-- Opening Marker --

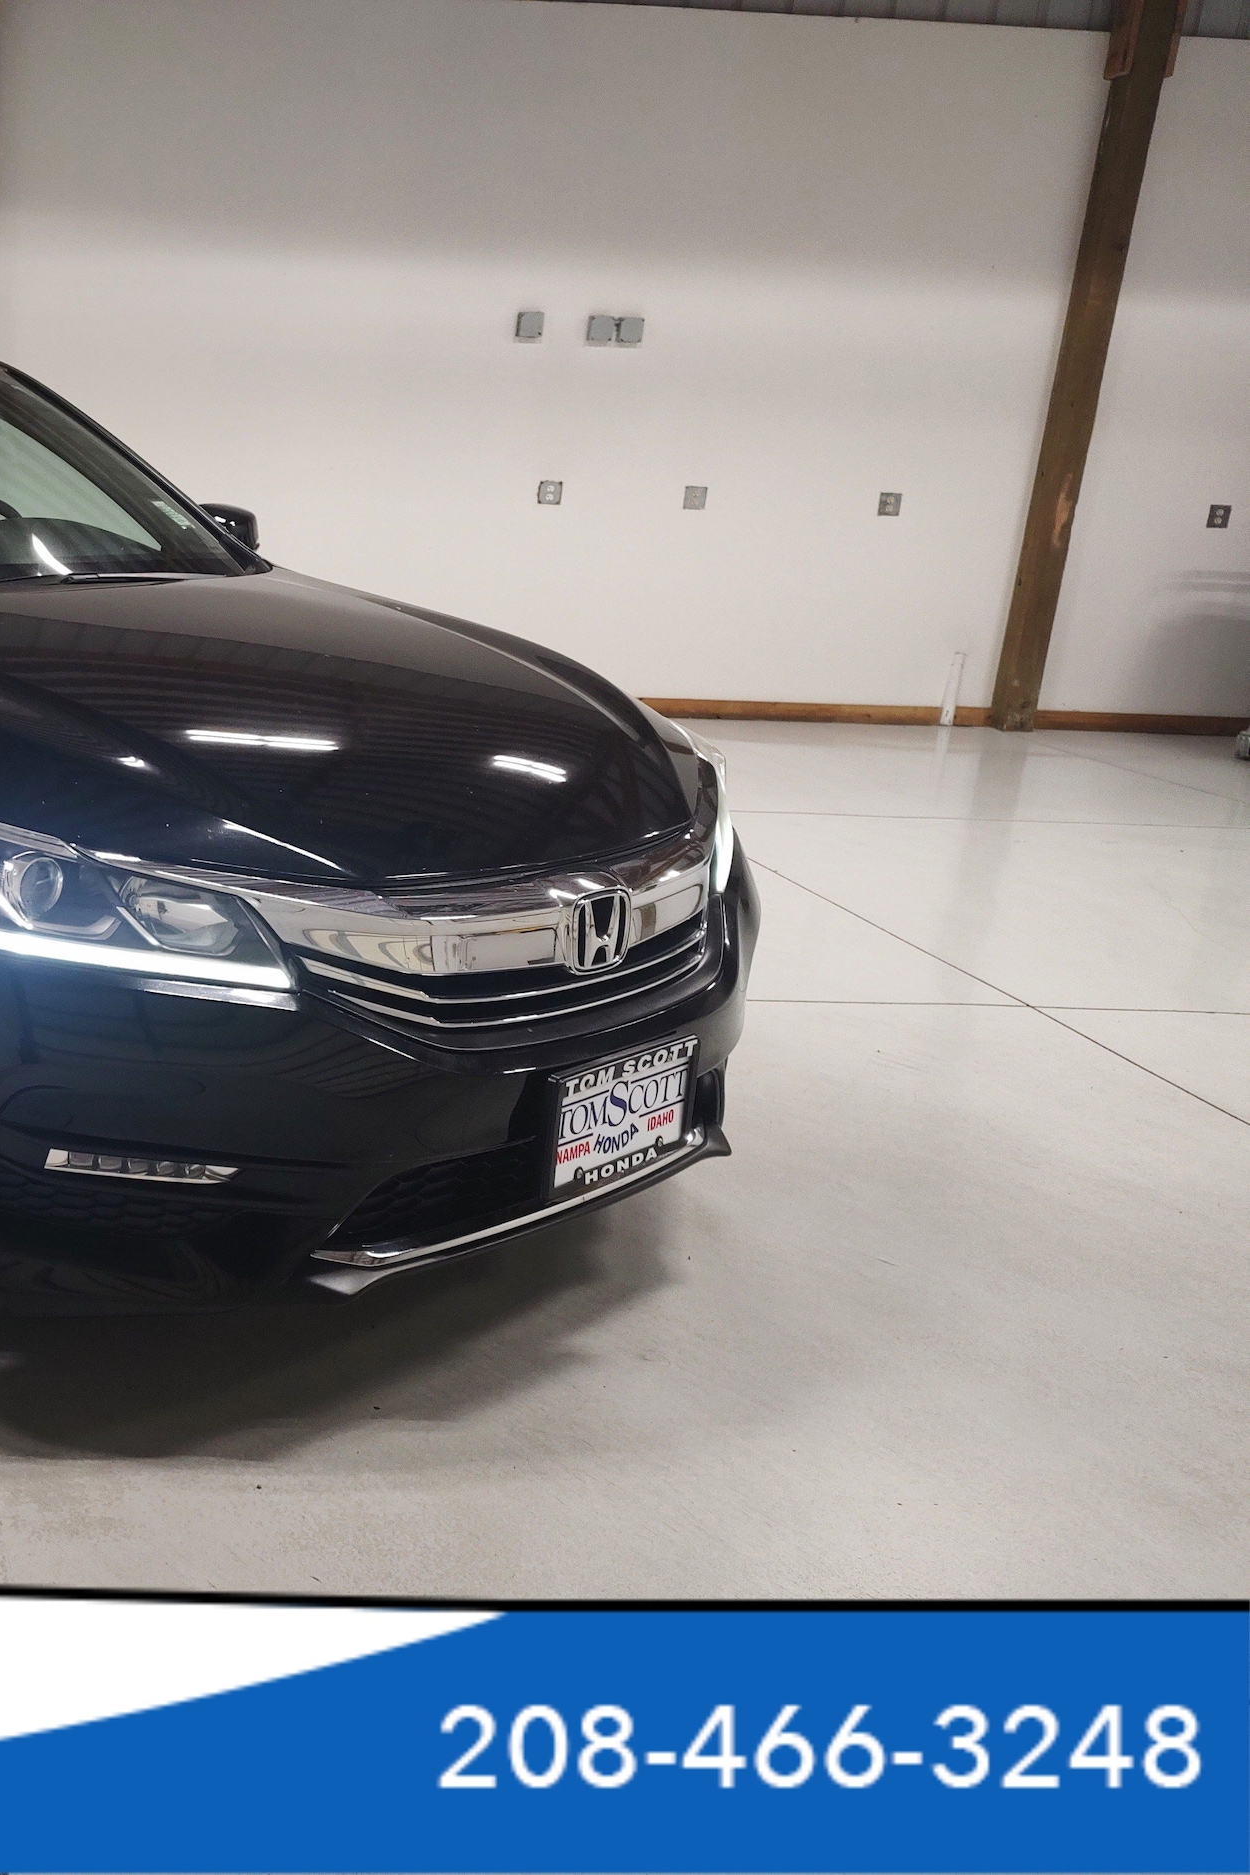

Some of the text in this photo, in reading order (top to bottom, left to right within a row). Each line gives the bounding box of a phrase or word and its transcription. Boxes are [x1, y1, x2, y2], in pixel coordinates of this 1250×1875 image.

[565, 1039, 698, 1095] TOM SCOTT
[557, 1109, 674, 1165] NAMPA HONDA IDAHO
[584, 1147, 658, 1185] HONDA
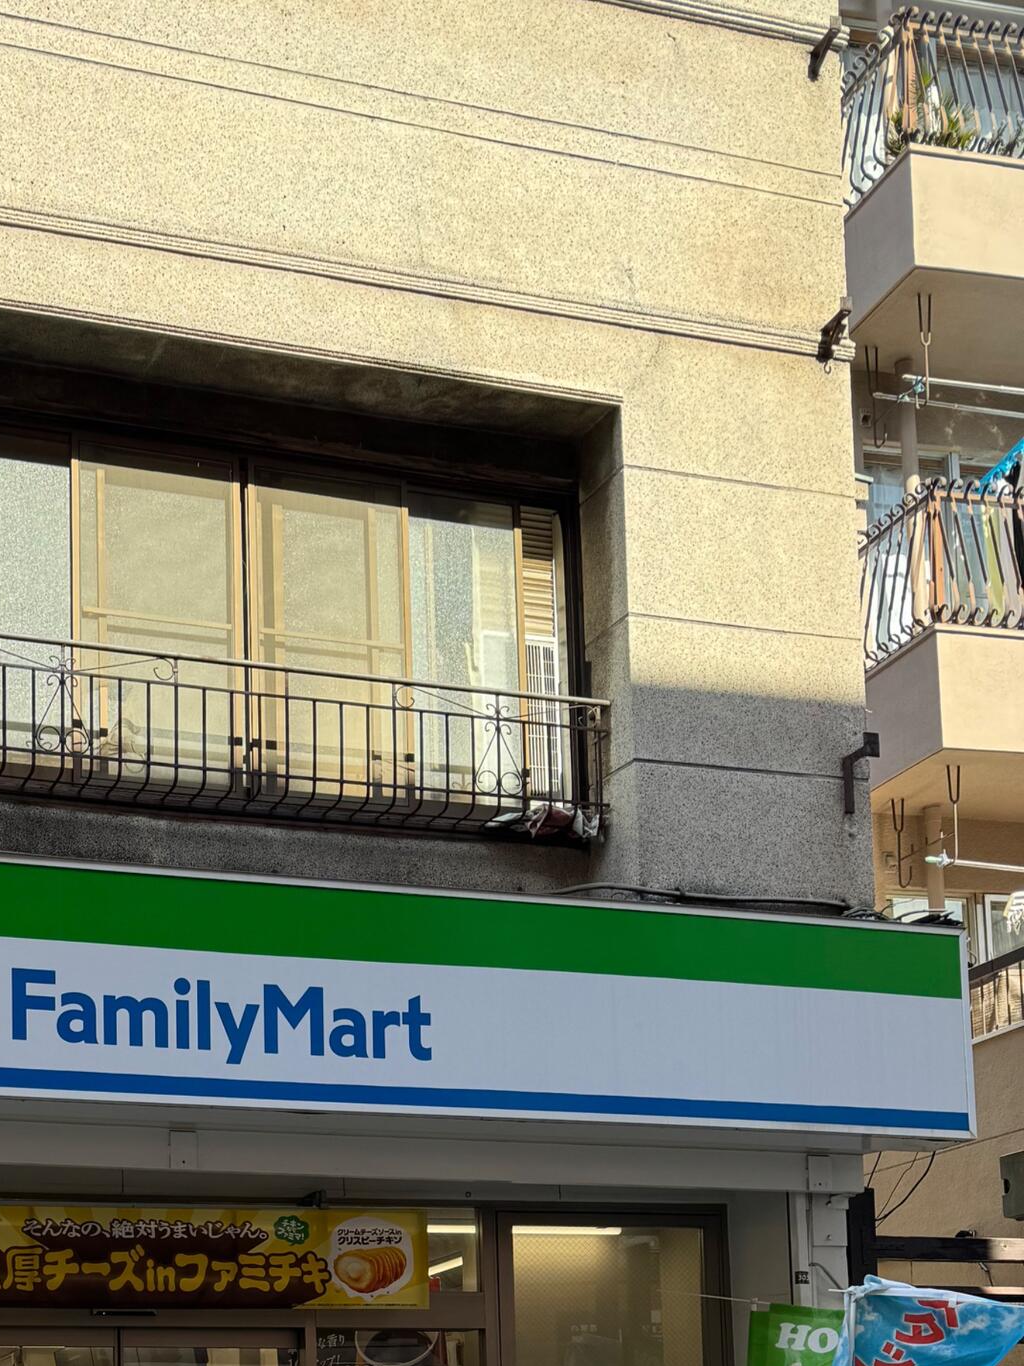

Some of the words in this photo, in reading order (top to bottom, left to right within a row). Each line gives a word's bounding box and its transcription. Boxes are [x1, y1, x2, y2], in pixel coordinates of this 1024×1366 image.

[11, 967, 432, 1064] FamilyMart
[22, 1218, 269, 1240] そんなの、絶対うまいじゃん。
[337, 1235, 403, 1246] クリスピーチキン

-- Closing Marker --

_Exercise aim_
Word for word, restate the records shown above, minus the pictures.

_Response area_
Some of the text in this photo, in reading order (top to bottom, left to right within a row). Each line gives the bounding box of a phrase or word and its transcription. Boxes are [x1, y1, x2, y2], in pixel coordinates of this 1250×1875 image.

[565, 1039, 698, 1095] TOM SCOTT
[557, 1109, 674, 1165] NAMPA HONDA IDAHO
[584, 1147, 658, 1185] HONDA

Some of the words in this photo, in reading order (top to bottom, left to right within a row). Each line gives a word's bounding box and its transcription. Boxes are [x1, y1, x2, y2], in pixel coordinates of this 1024×1366 image.

[11, 967, 432, 1064] FamilyMart
[22, 1218, 269, 1240] そんなの、絶対うまいじゃん。
[337, 1235, 403, 1246] クリスピーチキン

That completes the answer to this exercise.